(Data shown)
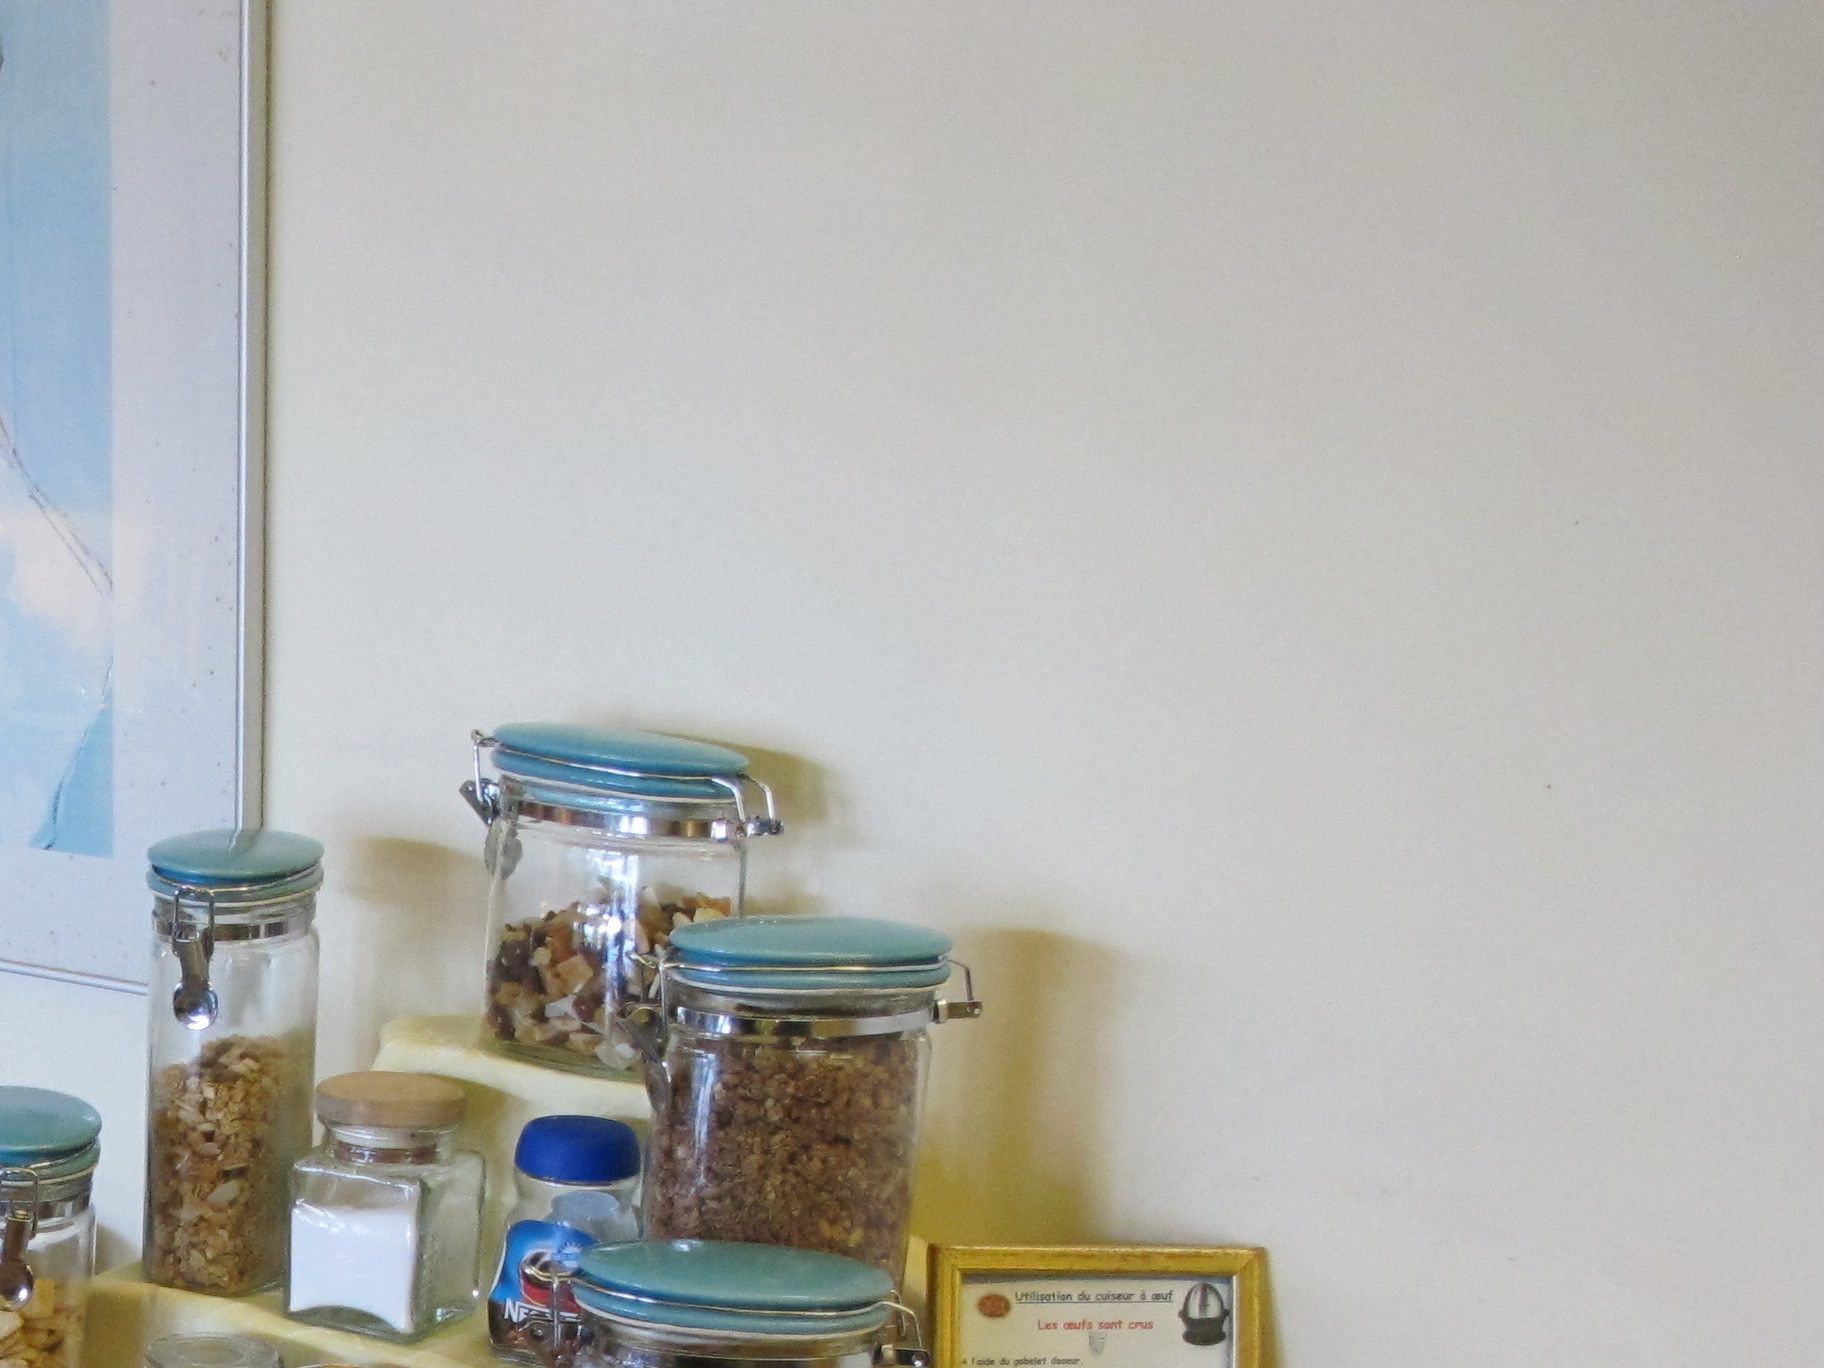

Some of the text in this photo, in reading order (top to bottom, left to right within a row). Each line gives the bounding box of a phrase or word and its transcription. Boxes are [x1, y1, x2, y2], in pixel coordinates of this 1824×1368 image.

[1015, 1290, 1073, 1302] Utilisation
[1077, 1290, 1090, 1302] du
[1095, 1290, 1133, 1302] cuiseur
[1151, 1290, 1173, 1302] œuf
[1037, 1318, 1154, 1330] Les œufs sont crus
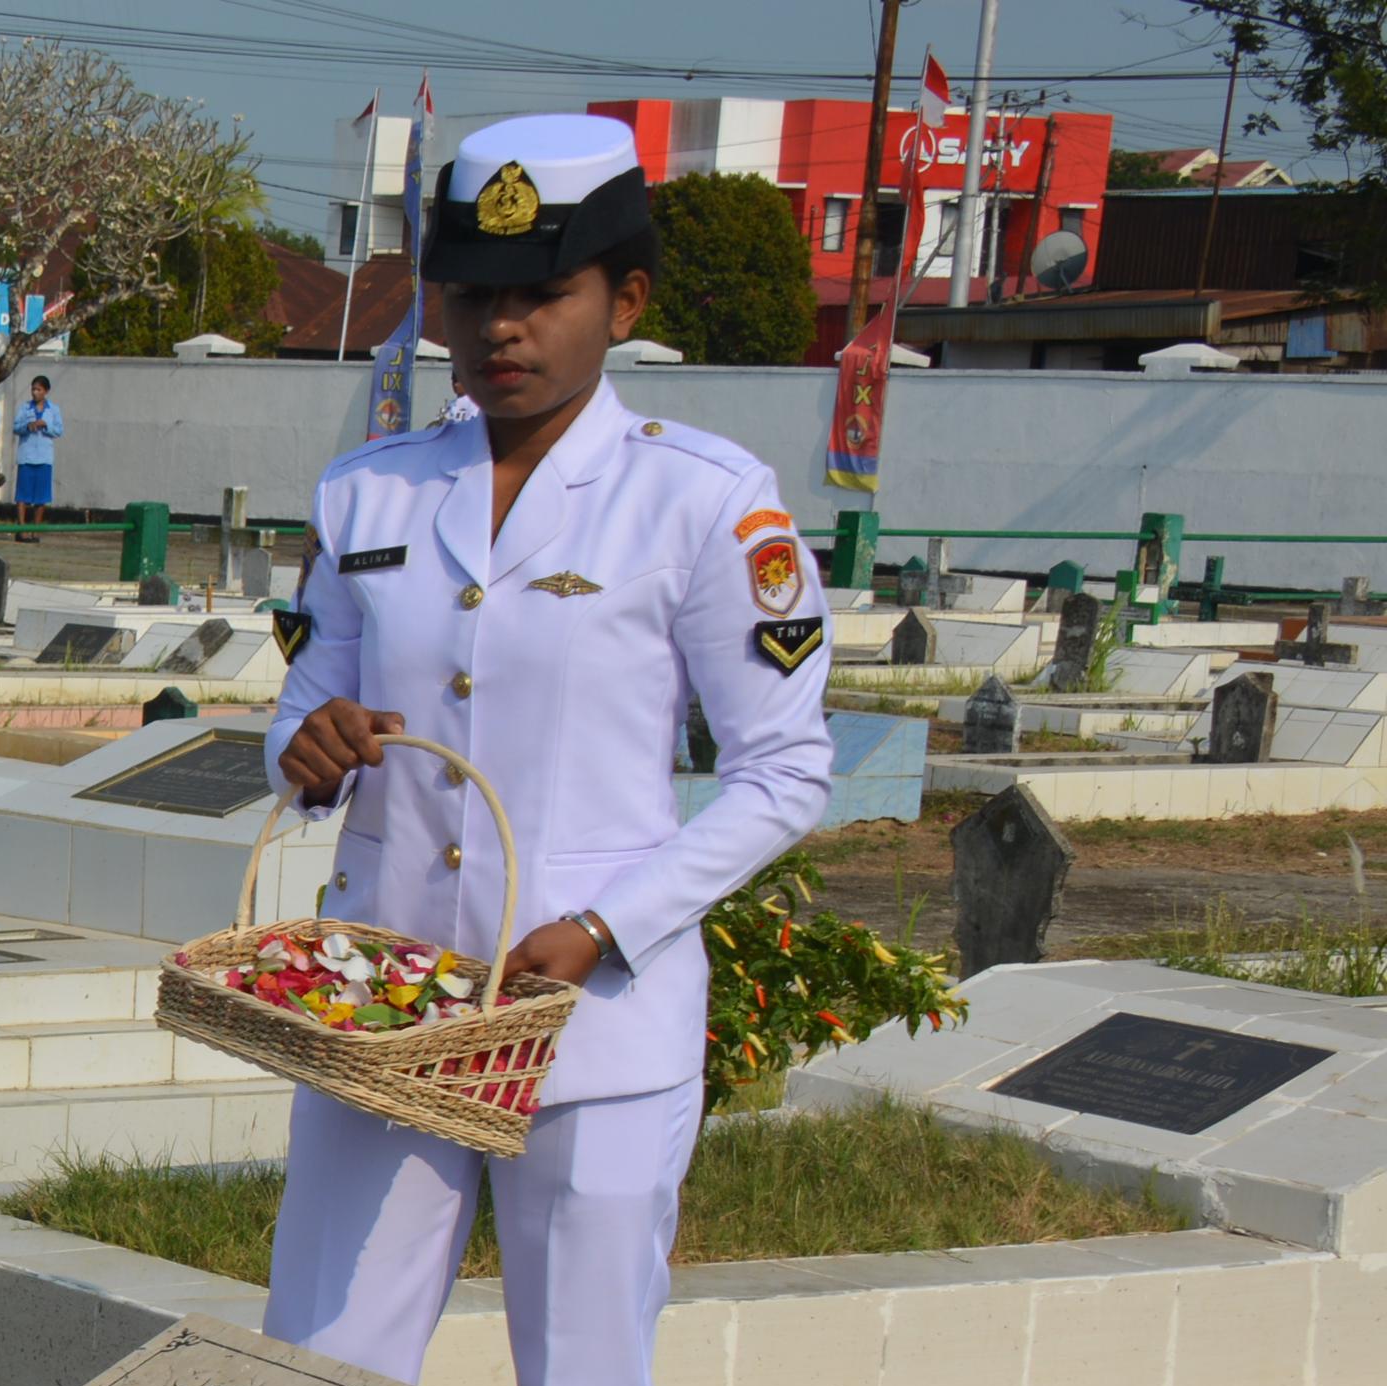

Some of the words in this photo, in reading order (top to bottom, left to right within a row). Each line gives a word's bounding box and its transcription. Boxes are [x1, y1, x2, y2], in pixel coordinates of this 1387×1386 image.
(End Data shown)
▸ **Task statement**
Word for word, return the entries above, but without any pictures.

▸ **Response below**
Some of the text in this photo, in reading order (top to bottom, left to right within a row). Each line gives the bounding box of a phrase or word and its transcription. Boxes are [x1, y1, x2, y2], in pixel coordinates of this 1824×1368 image.

[1015, 1290, 1073, 1302] Utilisation
[1077, 1290, 1090, 1302] du
[1095, 1290, 1133, 1302] cuiseur
[1151, 1290, 1173, 1302] œuf
[1037, 1318, 1154, 1330] Les œufs sont crus

Some of the words in this photo, in reading order (top to bottom, left to right within a row). Each line gives a word's bounding box and its transcription. Boxes are [x1, y1, x2, y2], in pixel coordinates of this 1387×1386 image.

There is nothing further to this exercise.